Touch of Heartache
Page 2
Pembroke nodded and Lilac decided to throw her a bone and pivot the discussion. “Well, good luck with whatever you decide.” She was more certain than ever now that she’d made the right decision. Sure, Minnesota was still a new place to move to, but Florida? Beaches and sunbathing, year-round heat and the cuddly cute tapir named Tildy. She was going to be living the dream—her childhood dream come true.
Gavin mumbled something about “trouble at 3:00,” and Lilac’s feet floated back to the floor. “Is it 3:00 already? I thought all our parents weren’t coming until after dinner anyway.” They were all coming for one last hurrah, a grade-wide graduation dinner and campus tour followed by the ceremony tomorrow morning.
Brielle jumped to her feet, her attention drawn over her shoulder. “Right. Thanks for the heads-up.
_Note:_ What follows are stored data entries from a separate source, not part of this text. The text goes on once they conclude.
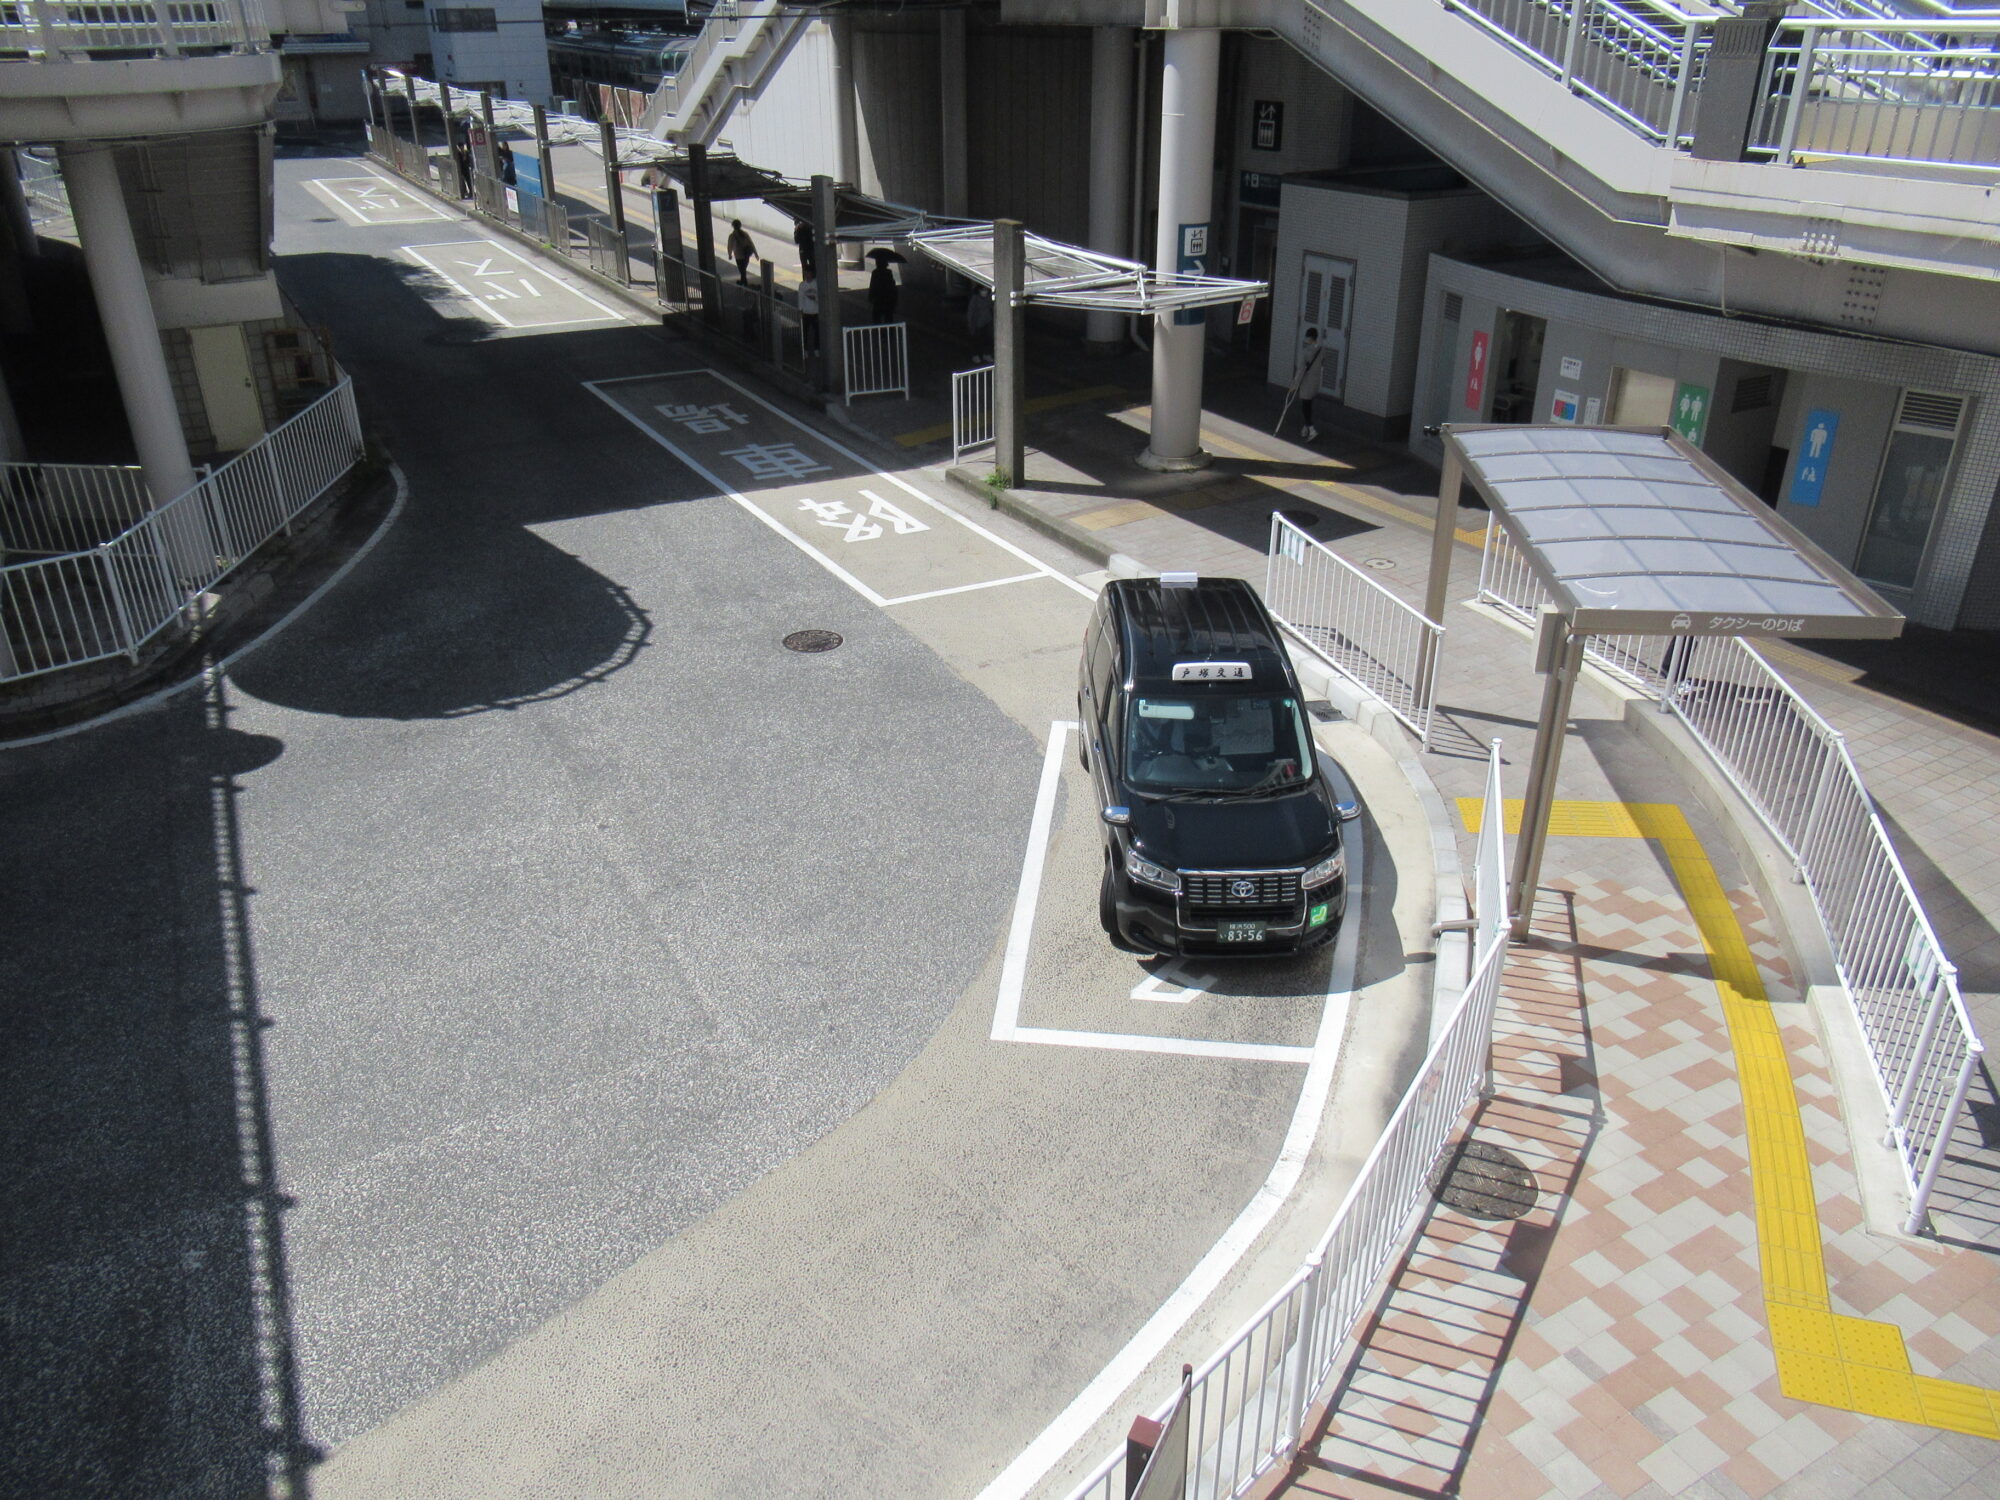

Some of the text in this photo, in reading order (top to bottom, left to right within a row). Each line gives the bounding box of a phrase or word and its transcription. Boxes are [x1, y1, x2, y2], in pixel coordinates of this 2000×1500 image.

[347, 186, 400, 210] バス
[454, 258, 542, 301] バス
[1240, 301, 1253, 321] 6
[1708, 615, 1805, 632] タクシーのりば
[1181, 667, 1244, 678] 戸塚交通
See you guys tomorrow!” She gathered up her tray and left.
Lilac supposed Brielle might be so busy with her mom and sister’s arrival that she hadn’t planned to sit with them at dinner. All the better. Both sets of Lilac’s grandparents were coming and she knew that between them, her parents, and Gavin and his grandma, there wouldn’t be room for any more.
“I hate that guy,” said Gavin, wiping his hands with his napkin and shaking his head.
“What guy?” asked Lilac.
Gavin nodded in Brielle’s direction and Lilac witnessed Brielle storming off angrily toward the cafeteria doors with a lanky, gangly guy in a Hershey’s T-shirt hot on her tail. “Oh. The ex?” said Lilac, only half-sure.
“Daniel…” said Pembroke, who stared a little too intensely after them as they vanished from sight. Ew, thought Lilac. Was Pembroke—Pembroke of all people, who hadn’t so much as glanced at a boy in all her four years here—checking out that skin-and-bones jerk? That made for two women in Lilac’s circle with no taste. Not to mention, he was younger than them. Not her type at all. All her college relationships had been short and sweet—they’d scratched an itch, but they hadn’t really done much for her. But seeing as how the only older men in her social circle here were professors—which, no, despite any leers she may have detected coming from that way on occasion—it had been frat boys with commitment issues or nothing. Good thing she hadn’t cared about any of them committing.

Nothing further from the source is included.